A starting long snapper on the football team and pre-med student graduating with a 3.92 GPA, Joey Brenner ‘20 found success at Hillsdale College. The Great Midwest Athletic Conference honored him for that achievement this summer.
Brenner was named the GMAC Male Scholar-Athlete of the Year for 2020 – 21 in June. The GMAC picks one student-athlete of each sex with an “outstanding record in athletics, scholarship and leadership” from the athletes at its 12 member institutions each year, according to a press release.
He is the first male Hillsdale student to win the award. Swimmer Victoria Addis ‘20 won the award in 2019. Brenner graduated in May with a B.S. in biochemistry and a final GPA of 3.92. He currently attends the University of Toledo College of Medicine and Life Sciences.
Brenner said winning the award was a “very cool way to wrap up things at Hillsdale.”
“I just want to thank my professors and coaches for giving me the opportunities to play football at such a great school,” Brenner said. “I’m already missing it.”

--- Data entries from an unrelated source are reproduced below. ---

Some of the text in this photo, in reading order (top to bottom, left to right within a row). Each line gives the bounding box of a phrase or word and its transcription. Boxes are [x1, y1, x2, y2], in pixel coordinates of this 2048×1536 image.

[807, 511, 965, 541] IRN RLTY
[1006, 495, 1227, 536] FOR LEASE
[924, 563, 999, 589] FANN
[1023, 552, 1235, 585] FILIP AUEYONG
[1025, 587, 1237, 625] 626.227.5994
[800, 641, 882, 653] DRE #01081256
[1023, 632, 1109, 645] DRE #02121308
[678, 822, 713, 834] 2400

Brenner is the third football player to win the award, following Findlay’s Andrew Alten (2017) and Malone’s Austin Cary (2016).

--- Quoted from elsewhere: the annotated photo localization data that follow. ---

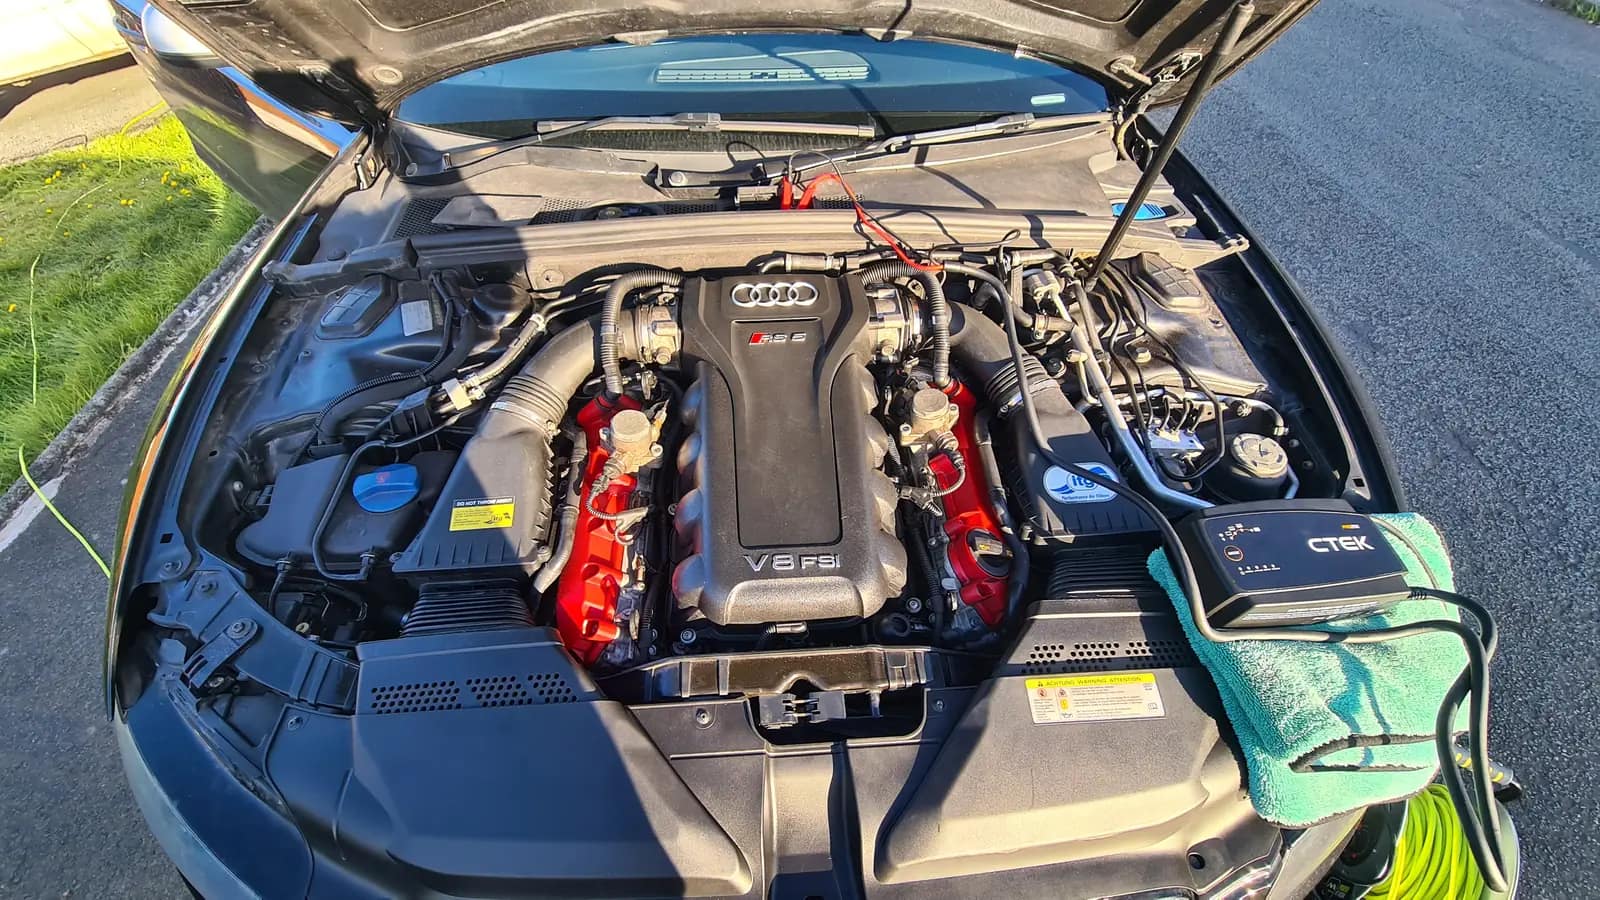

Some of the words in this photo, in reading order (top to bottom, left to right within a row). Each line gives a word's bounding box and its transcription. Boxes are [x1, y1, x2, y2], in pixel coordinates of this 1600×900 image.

[751, 332, 788, 345] RS
[1071, 475, 1095, 488] itg
[1308, 535, 1375, 553] CTEK
[743, 553, 794, 572] V8
[801, 554, 840, 569] FSI

“Joey was very deserving of this award,” assistant football coach Robert Rardin said. “I’m positive he will excel in medical school and make a fine doctor.”
Brenner came to Hillsdale in 2017 as a quarterback and switched positions to tight end, and eventually played as starting long snapper, according to head football coach Keith Otterbein.

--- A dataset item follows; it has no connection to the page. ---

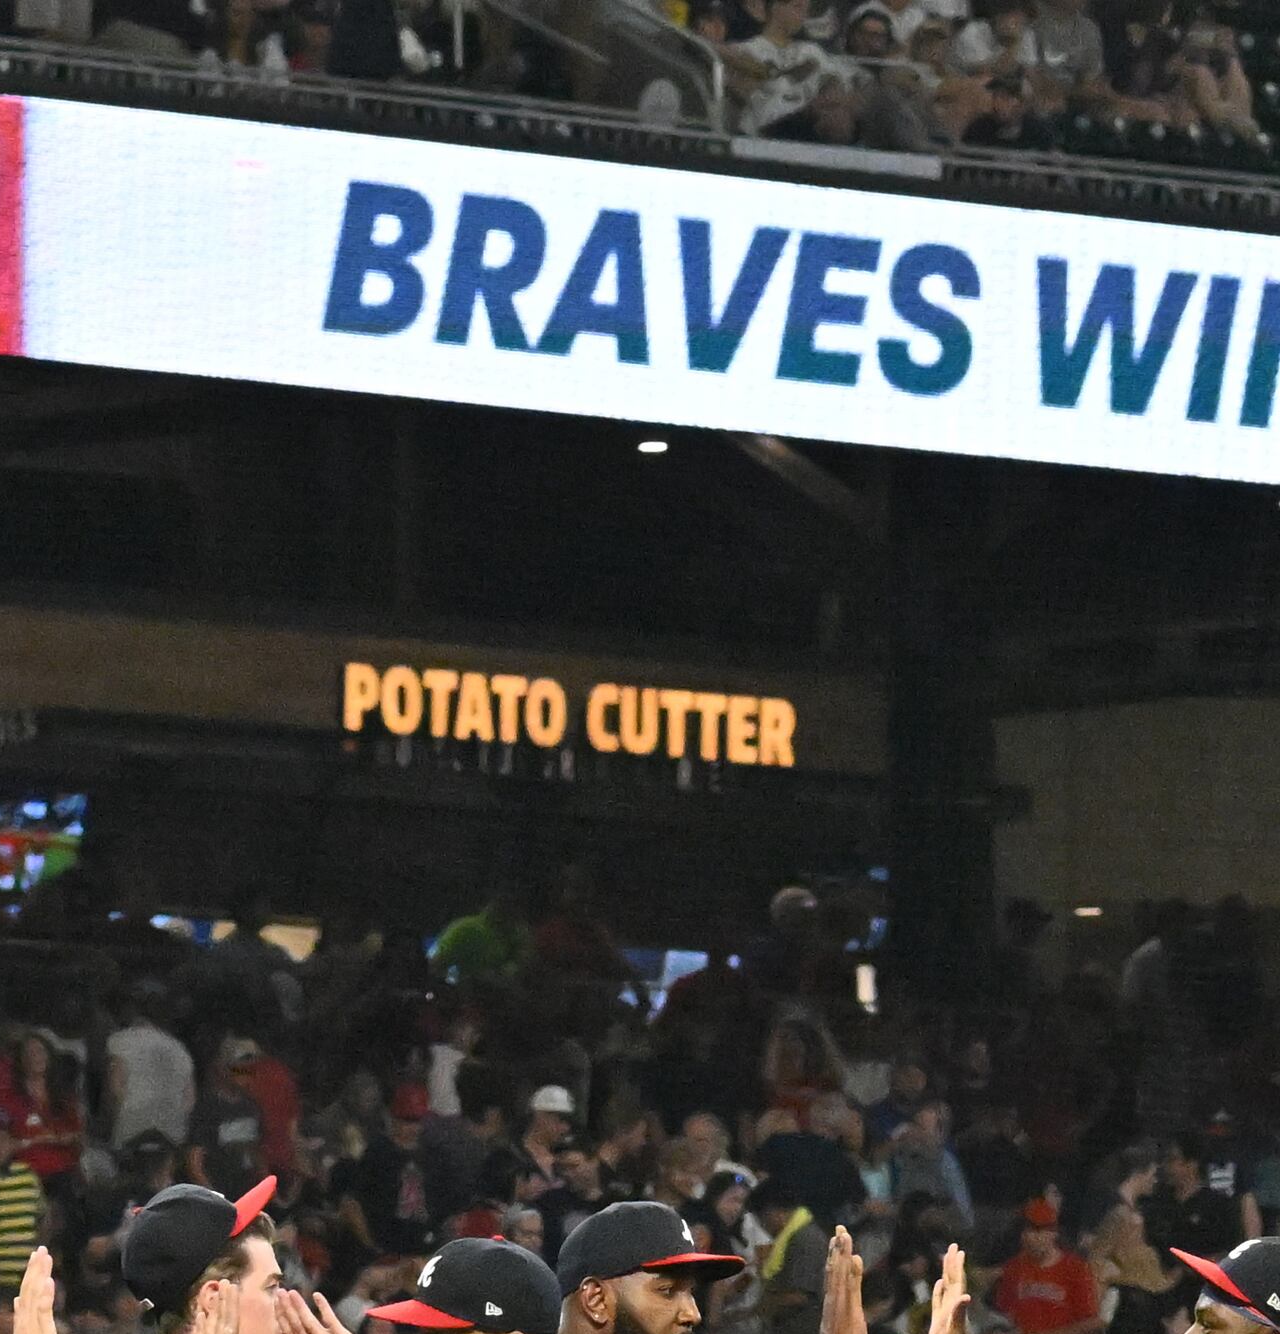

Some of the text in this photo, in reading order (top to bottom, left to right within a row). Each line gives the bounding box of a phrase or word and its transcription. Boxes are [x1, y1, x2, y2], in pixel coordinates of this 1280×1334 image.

[321, 180, 981, 396] BRAVES
[342, 662, 797, 768] POTATO CUTTER

Otterbein said he was impressed with Brenner’s ability to switch positions which required “a lot of development of new skills.”
“Joey showed great discipline, extremely high standards for his performance, and a great ability to compartmentalize the different challenges of being a top-notch student-athlete,” Otterbein said.
Brenner chose Hillsdale for the football program and said his time at the college was “the best decision I ever made.”
During his athletic practice and training, Brenner kept his academics at the forefront and stayed focus on his goal of attending medical school.
“Brenner was an extremely hard-worker and a true team player,” Rardin said. “He was one of the finest young men that I have had the priviledge to coach over my 28 year coaching career.”
He was involved with the Phi Kappa Phi, Beta Beta Beta and Sigma Zeta honoraries, and was a member of the American Chemical Society and Pre-Professional Society.
“He never let what happened on the football field affect his schoolwork, or let his schoolwork affect his play on the football field,” Otterbein said.
On top of his own success, Brenner was invested in the accomplishments of those around him, his coach said.
“Joey is someone who’s not only focused on himself but was motivated to make everyone around him better,” Otterbein said. “He put a lot of time and effort into being a mentor for younger players and helping them develop the skills and habits necessary to be a successful student-athlete.”
Otterbein points to Brenner as a reason for his team’s academic success.
“This past semester, 79 of our 103 players posted a 3.0 or better GPA, and there’s no doubt Joey’s influence and the work he put in was a big piece of that,” Otterbein said. “Joey is someone who’s not only focused on himself, but is motivated to make everyone around him better.
Brenner credits his liberal arts education with preparing him for medical school and jobs ahead.
“I’d say the classes as a whole were complete, because we had so many different things we are required to learn about,” he said. “Just judging from being out with some other professional students, they don’t have the same base as I do.”
Brenner’s advice to athletes looking to succeed on the field and in the classroom is to set goals and not worry what others are doing.
“Just do what works for you to find success,” he said. “And be comfortable with that.”